The tech is different, but not much else has changed since Up the Down Staircase. It was a series of absurd situations, with one pronounced tragedy. There was a teacher who lacked the sensitivity of a number 2 pencil. In the current system, that guy would likely be superintendent by now.

In the novel, teachers would say to one another, "Let it be your challenge," or something whenever they were faced with absurd situations. Then they'd go their merry way and hope for the best.

These days, admin  still issues those challenges, telling you they're serious but not impossible. The actual challenge is managing to view them as impossible but not serious. You can do that sometimes. It takes practice, and no supervisor can show you how. Many don't know, and are supervisors simply because they couldn't handle your incredibly stressful job.

Last week we had to submit report card grades. Because Skedula is out, and because the DOE imposed a system that does not actually work, I held off a long time from giving grades. I finally started using Google Classroom to record grades. Controlled by our administration, it has its drawbacks. For example, a new section of my class opened up and ten students were transferred. As soon as that happened, all their previous grades disappeared into the ether. One Student was transferred from one section to another, and his grades have disappeared to. Hope his parents don't come in and ask me about them today, our PT conference.

I did my grading last Sunday. We were sent an Excel sheet. I filled in everything and sent it back. On Monday, there was an announcement. Some grades were missing, and could we please fill them in online? ALL my grades were missing. I had to scramble to replace them.  I finished Tuesday morning, but by that time report cards had already been printed. So I did redundant paperwork for no reason whatsoever.

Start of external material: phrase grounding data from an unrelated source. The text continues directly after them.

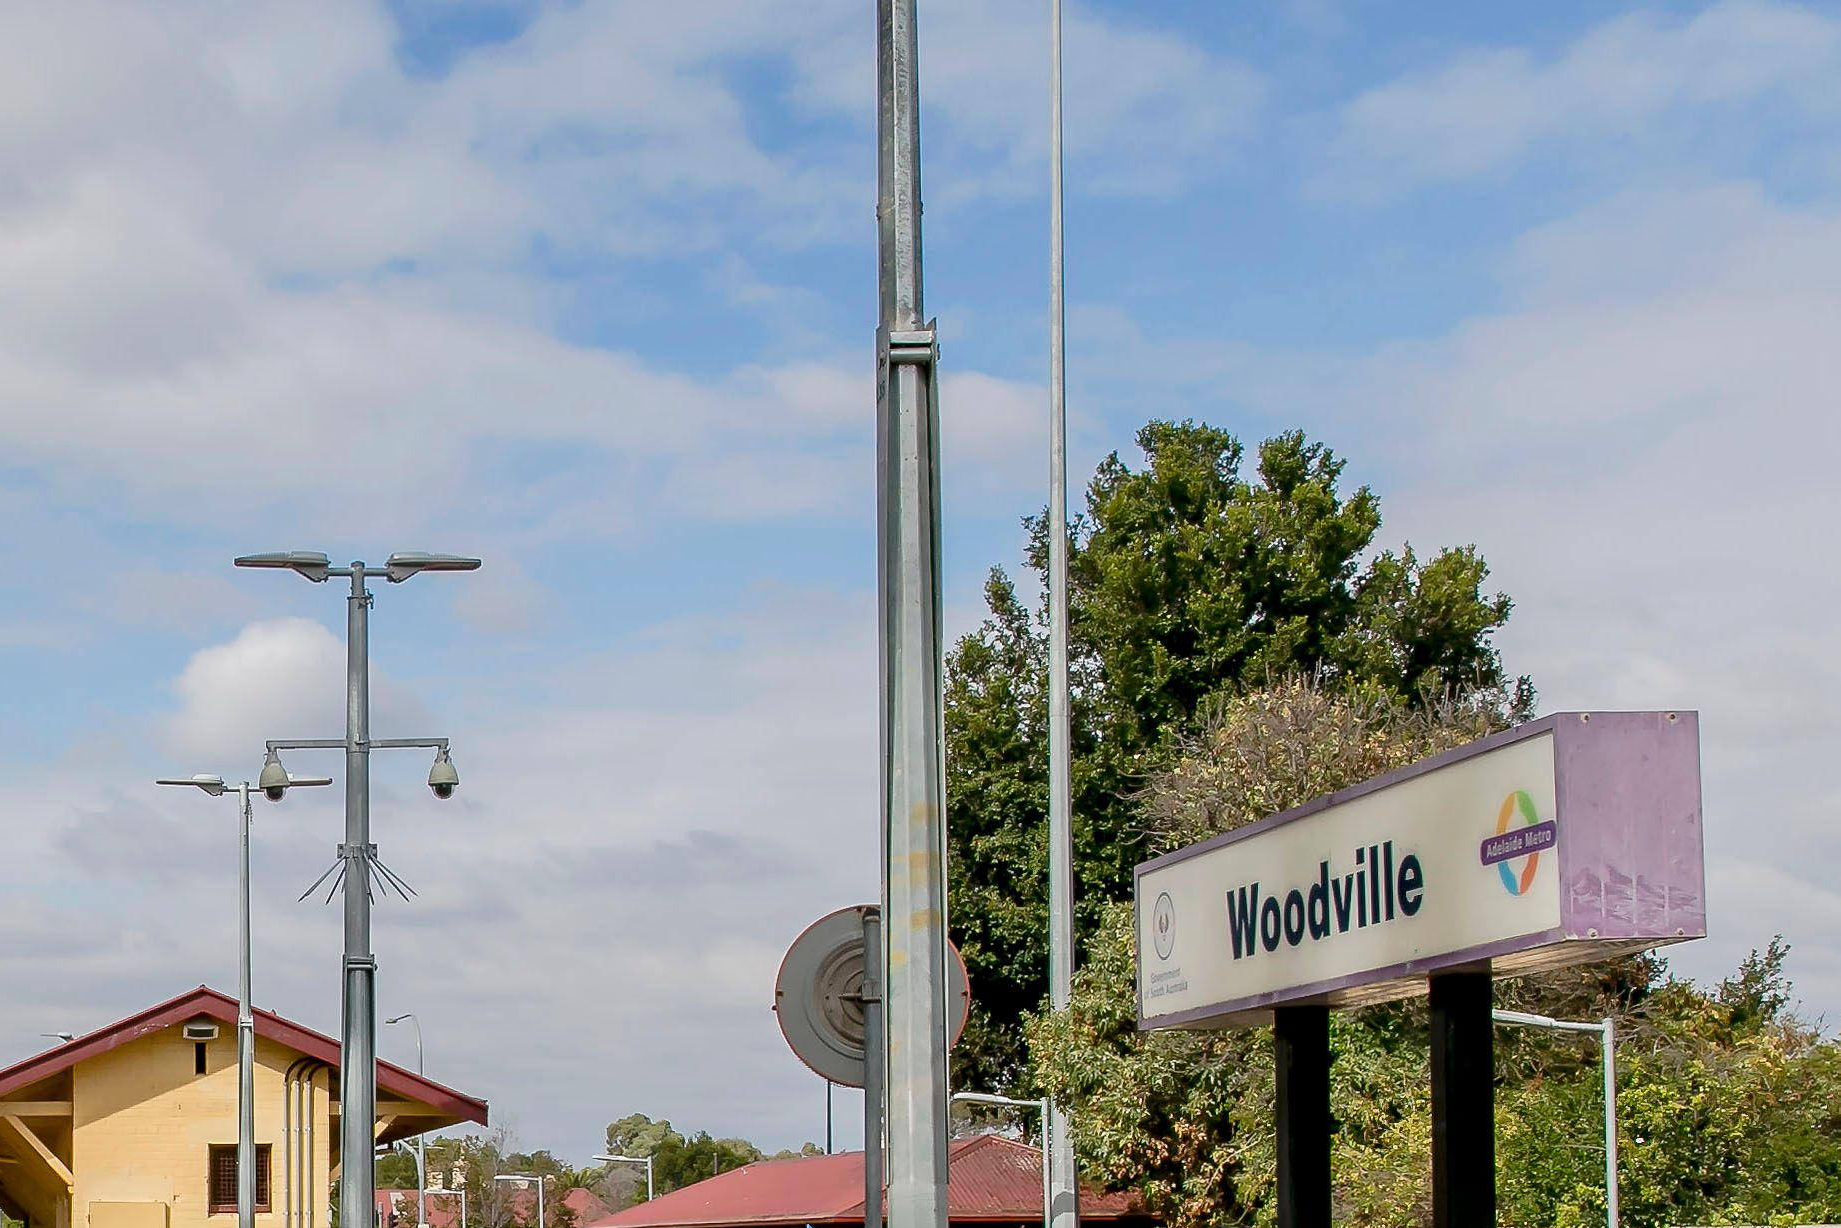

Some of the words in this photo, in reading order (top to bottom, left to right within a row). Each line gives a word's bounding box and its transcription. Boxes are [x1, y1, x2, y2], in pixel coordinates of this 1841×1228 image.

[1486, 835, 1523, 858] Adelaide
[1525, 830, 1552, 848] Metro
[1226, 840, 1424, 960] Woodville
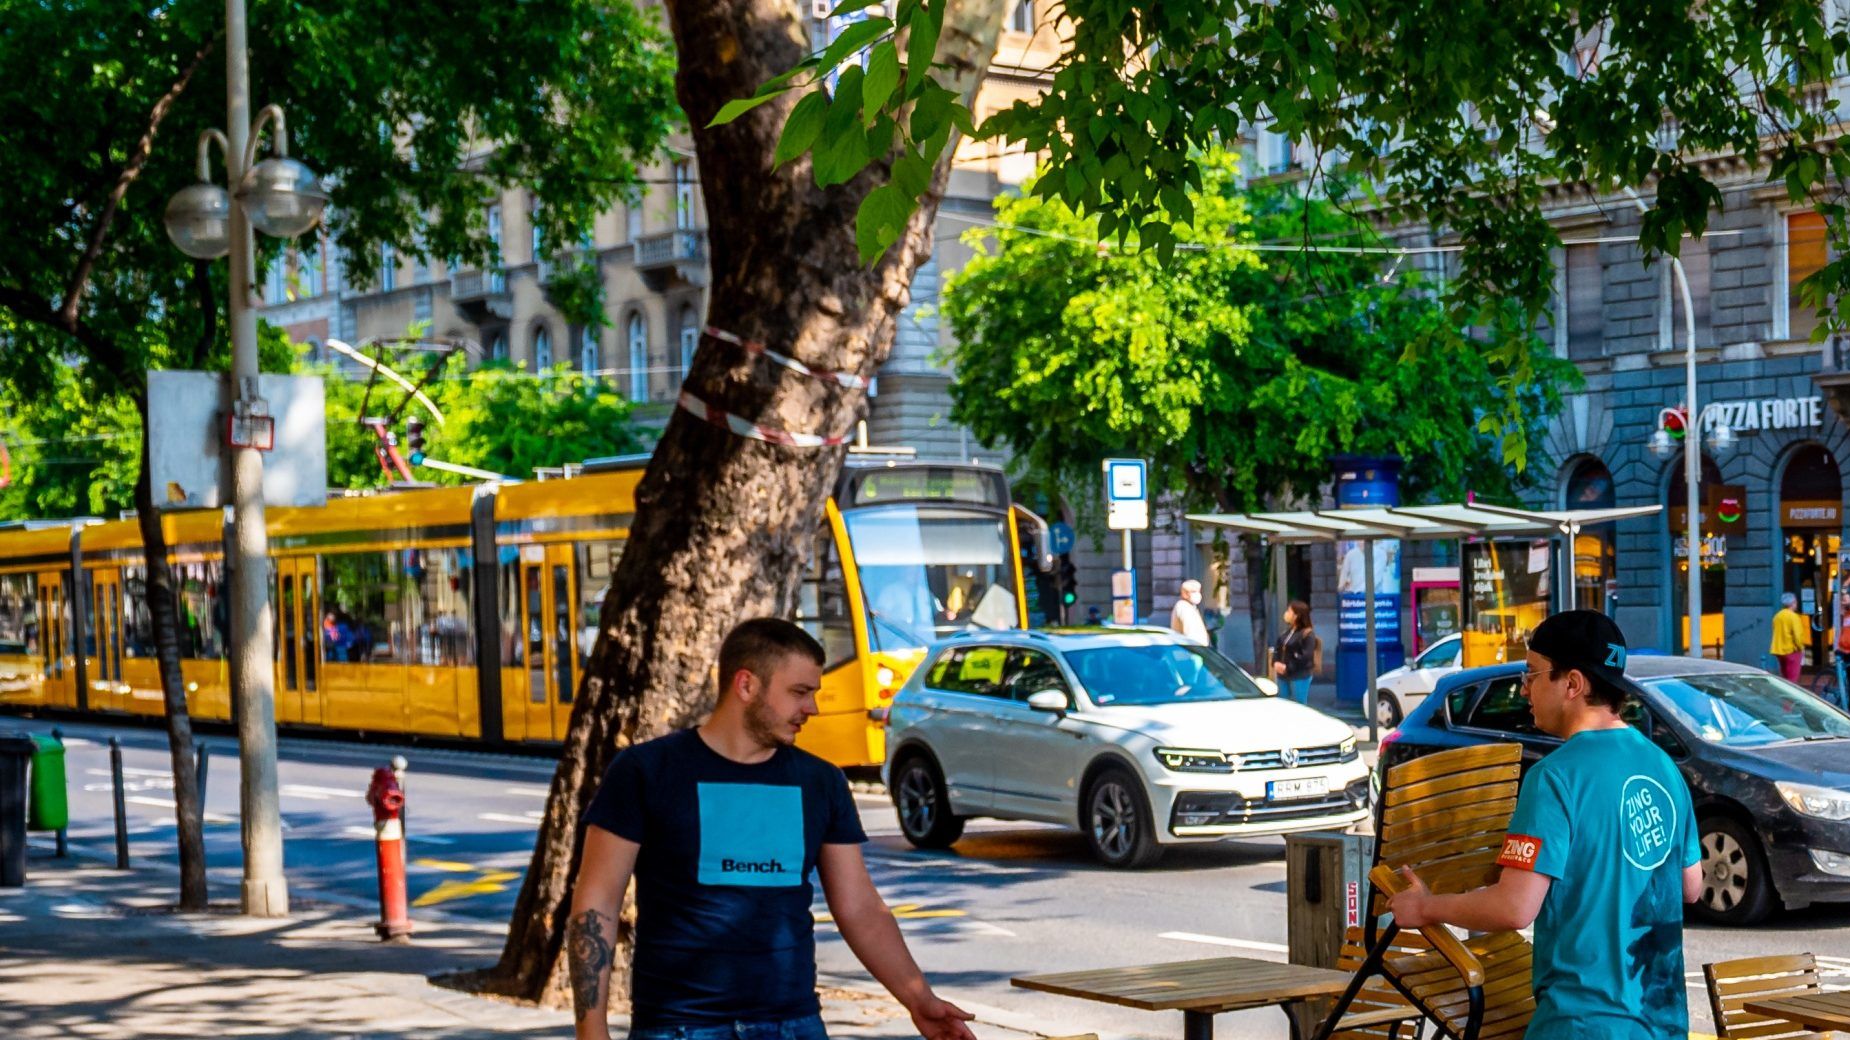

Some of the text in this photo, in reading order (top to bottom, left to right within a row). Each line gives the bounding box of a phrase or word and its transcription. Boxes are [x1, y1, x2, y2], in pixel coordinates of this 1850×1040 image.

[1761, 397, 1823, 430] FORTE
[1626, 787, 1653, 819] ZING
[1629, 806, 1663, 838] YOUR
[1503, 839, 1535, 858] ZING
[1635, 825, 1667, 858] LIFE!
[721, 858, 786, 873] Bench.
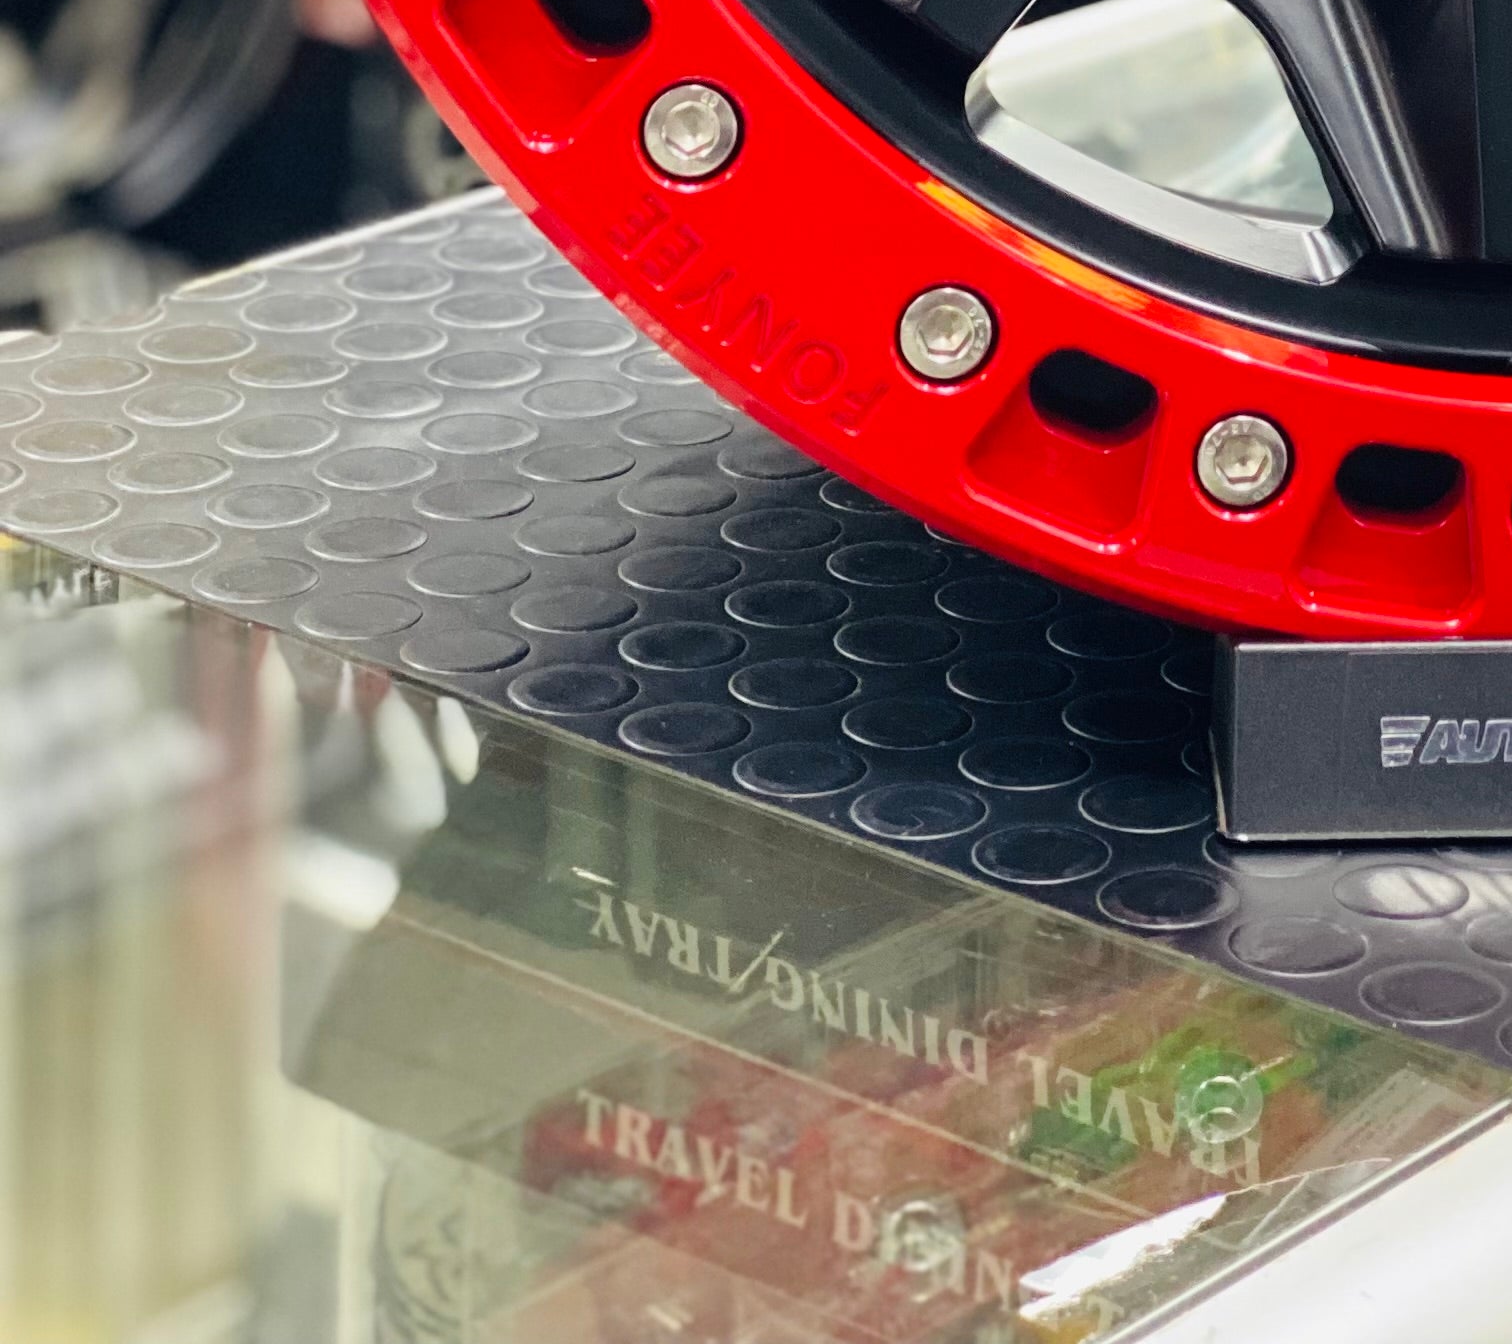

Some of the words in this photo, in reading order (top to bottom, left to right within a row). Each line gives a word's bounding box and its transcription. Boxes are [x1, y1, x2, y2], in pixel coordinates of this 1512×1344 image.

Then, of course, I had to lose class time while my students came up and asked why their grades were blank. I had to find their names on the Excel sheet (which thankfully I'd saved), handwrite grades (entering them a third time) and sign them one at a time. Of course, failing students were less inclined to ask. They got to go home and blame me for not giving them grades. I forwarded admin the email I originally sent with my grades, asking that they be posted for the next report.  Of course, they are Very Busy with Important Stuff and couldn't respond. 

We have a restorative justice program in our school. Someone is forcing the hapless teachers involved to write to us after MP2, asking that we pass these kids. Evidently some of my grades were captured. Here's how I responded to one of them:

I have seen this student exactly two days this year. The only other time I heard from him was when he wrote, "Fuck this shitty class," on my Google Classroom wall. I deleted that message and muted him, and have not heard from him since.
I reported this action to admin, who did nothing about it. Or perhaps they placed him in Restorative Circle. Who really knows about these things?
Thank you for your inquiry.
Very truly yours,

Arthur Goldstein

I'm glad I don't have to write teachers asking them how students who cut entire semesters can pass classes.   

Then there are the PDs we must sit through. Highly paid DOE people come and tell you that all your ELLs, even the ones who don't speak English at all, MUST pass the English Regents exam. They don't care how you do it, as long as you do it now

There was one in which a principal told us to tell kids they must NOT be LATE. FAIL them if they are late! He then segued into what we could do to pass everyone no matter what. Ideas included sanctioned cheat sheets. One teacher said he let his students correct the tests after they were handed out, but only gave half credit for corrected answers. So a 50 becomes a 75. He's now an assistant principal.

There was one where a monolingual teacher lectured the language department on how to be sensitive to multiculturalism. Evidently, the secret is to give them a math project. Who knew? Like every other teacher in the room, I'd lived and worked in foreign countries, studied multiple languages, and acquired state certification in at least one. Why had I frittered away my time like that when I could have simply assigned a math project? Who knew?

Without all that assistance, I have no idea how I'd manage to teach students, 34 at a time, with no background in English, how to use it. The secret is to force them to pass the English Regents, fail them for coming late, allow them to cheat on  tests, and give them a math project. 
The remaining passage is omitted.